A passada russa

Se dúvidas sobrassem sobre a verdadeira intenção de Putin na Síria, o anúncio da retirada militar parcial russa prova a real motivação: ajudar Assad, expandindo o seu controlo territorial por cidades em disputa com grupos da oposição sunita, e não, como Putin quis fazer passar, destruir o ISIS e as suas possessões que por lá continuam. E, assim, missão parcialmente cumprida. As tropas de Assad estão às portas de Palmira, embora não tenham recuperado terreno ao ritmo que esperavam. Nesse sentido, a retirada russa é também um sinal para o regime: connosco avançam, sem nós definham; logo, cumpram as nossas diretivas nas negociações internacionais.
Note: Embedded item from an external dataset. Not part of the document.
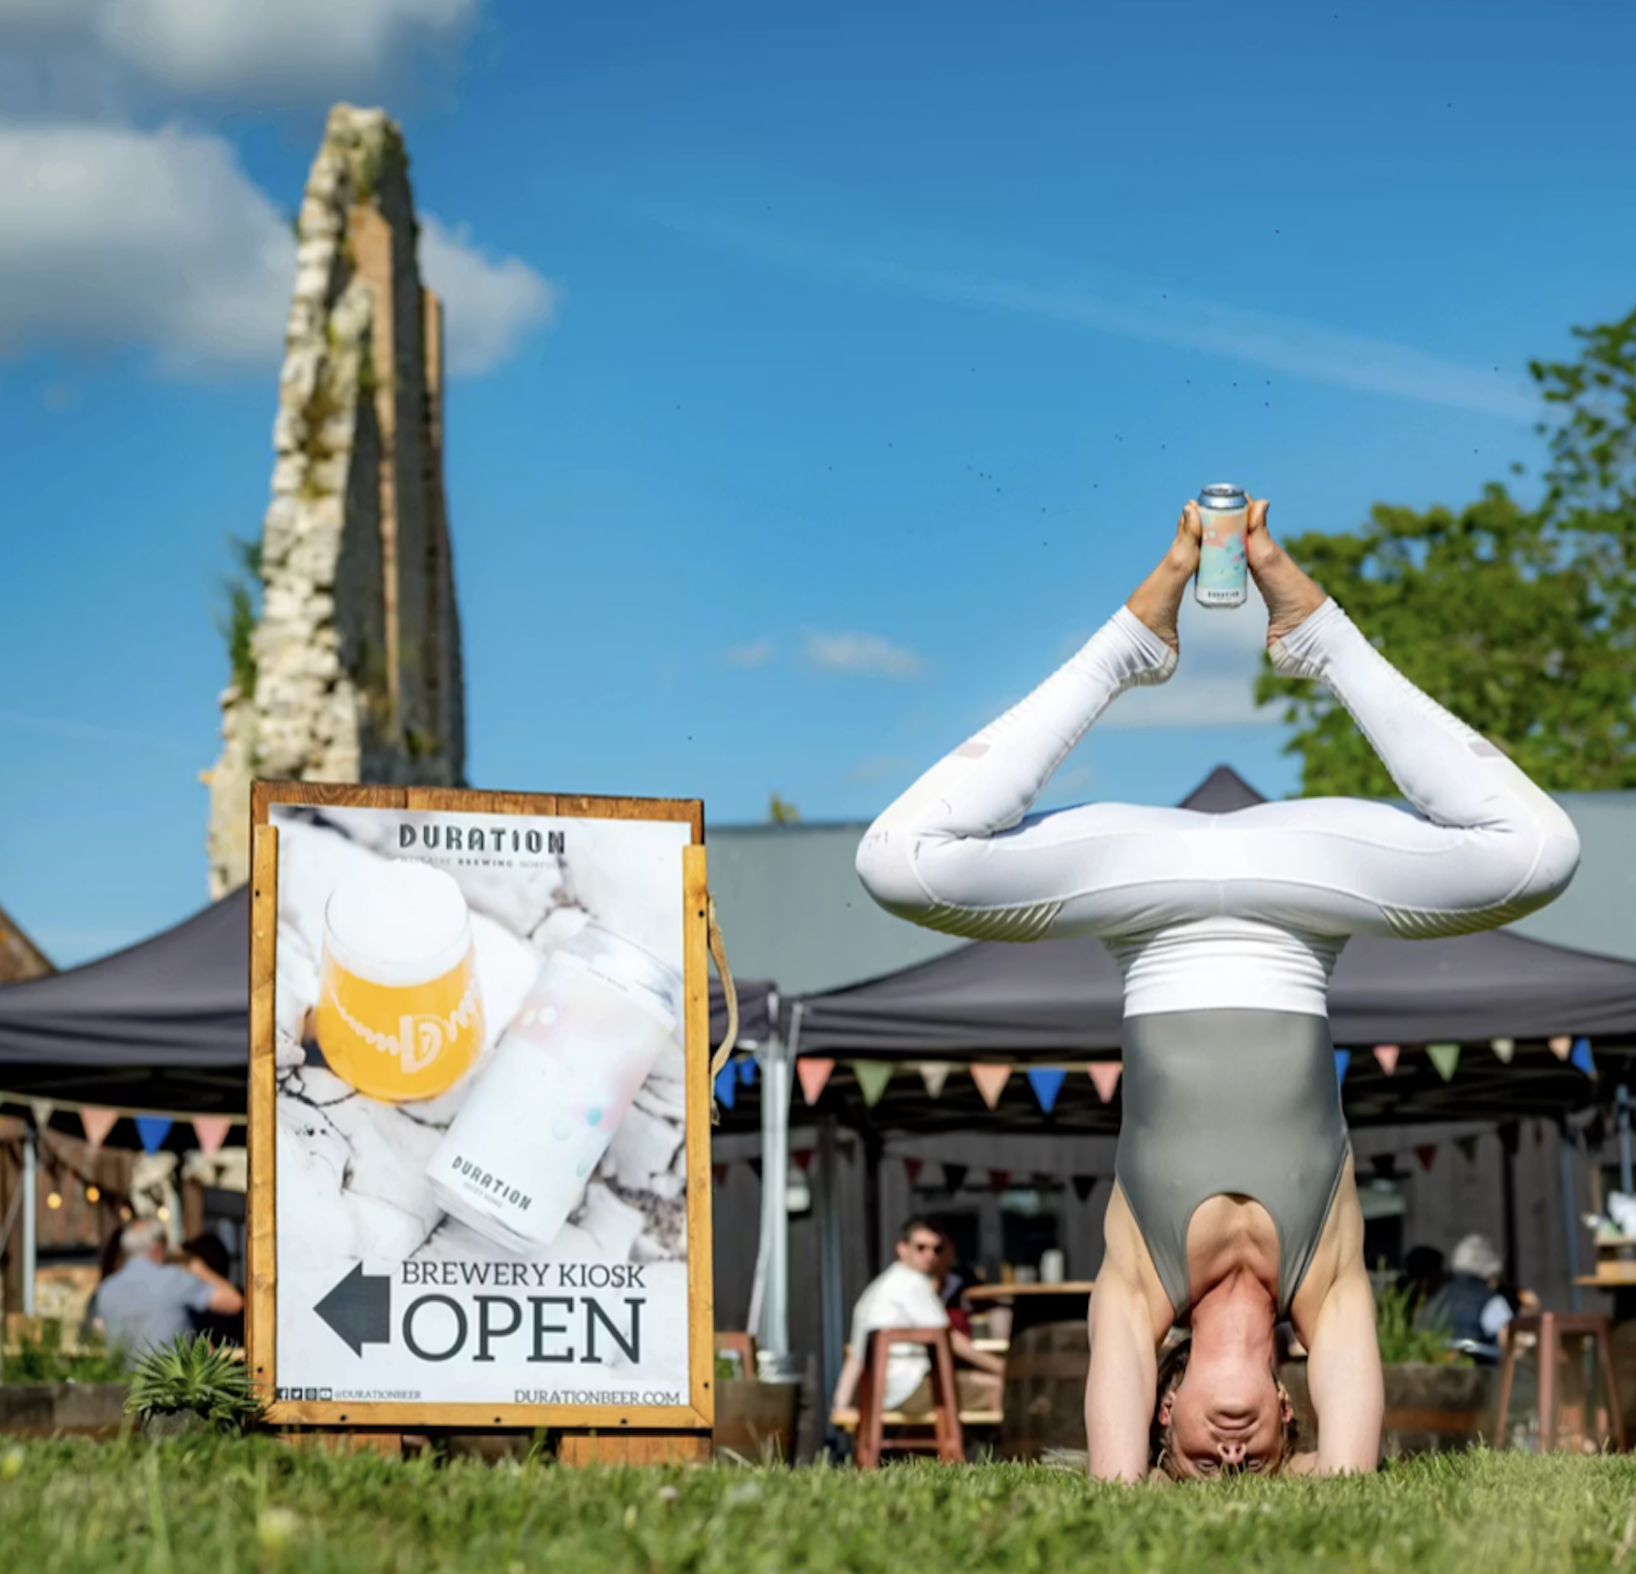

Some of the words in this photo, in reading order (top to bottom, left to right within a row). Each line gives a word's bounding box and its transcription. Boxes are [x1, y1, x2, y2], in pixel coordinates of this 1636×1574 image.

Este ponto é importante para Putin, porque desde o início da operação aérea (setembro de 2015) que a Rússia alcançou um estatuto de paridade com os EUA como elementos decisivos nos roteiros político ou de cessar-fogo. Ora, para Putin isto inverte o sentido de isolamento pós-Crimeia, expõe os limites do poder americano e restitui a Moscovo uma esfera decisiva de atuação entre a Europa de Leste, o Cáucaso, o mar Negro, o Cáspio e o Mediterrâneo Oriental. Durante estes meses, Putin retirou ainda a Turquia da equação final síria ao tornar aceitável a continuidade de Assad para europeus e americanos. A crescente exposição turca aos terrorismos da região valida a importância da estabilidade do regime sírio e da frente anti-ISIS, empreitada em que Ancara tem no mínimo um comportamento dúbio. Ainda nestes meses de bombardeamentos russos na Síria o número de refugiados para a Europa aumentou em comparação com igual período em 2015 - sobretudo via Turquia e Grécia - abrindo ainda mais feridas na coesão europeia, levando a legislação restritiva, mostrando os seus discípulos e criando a falsa mistura entre refugiado e terrorista. É uma passada larga a de Putin, mas está a fazer o seu caminho.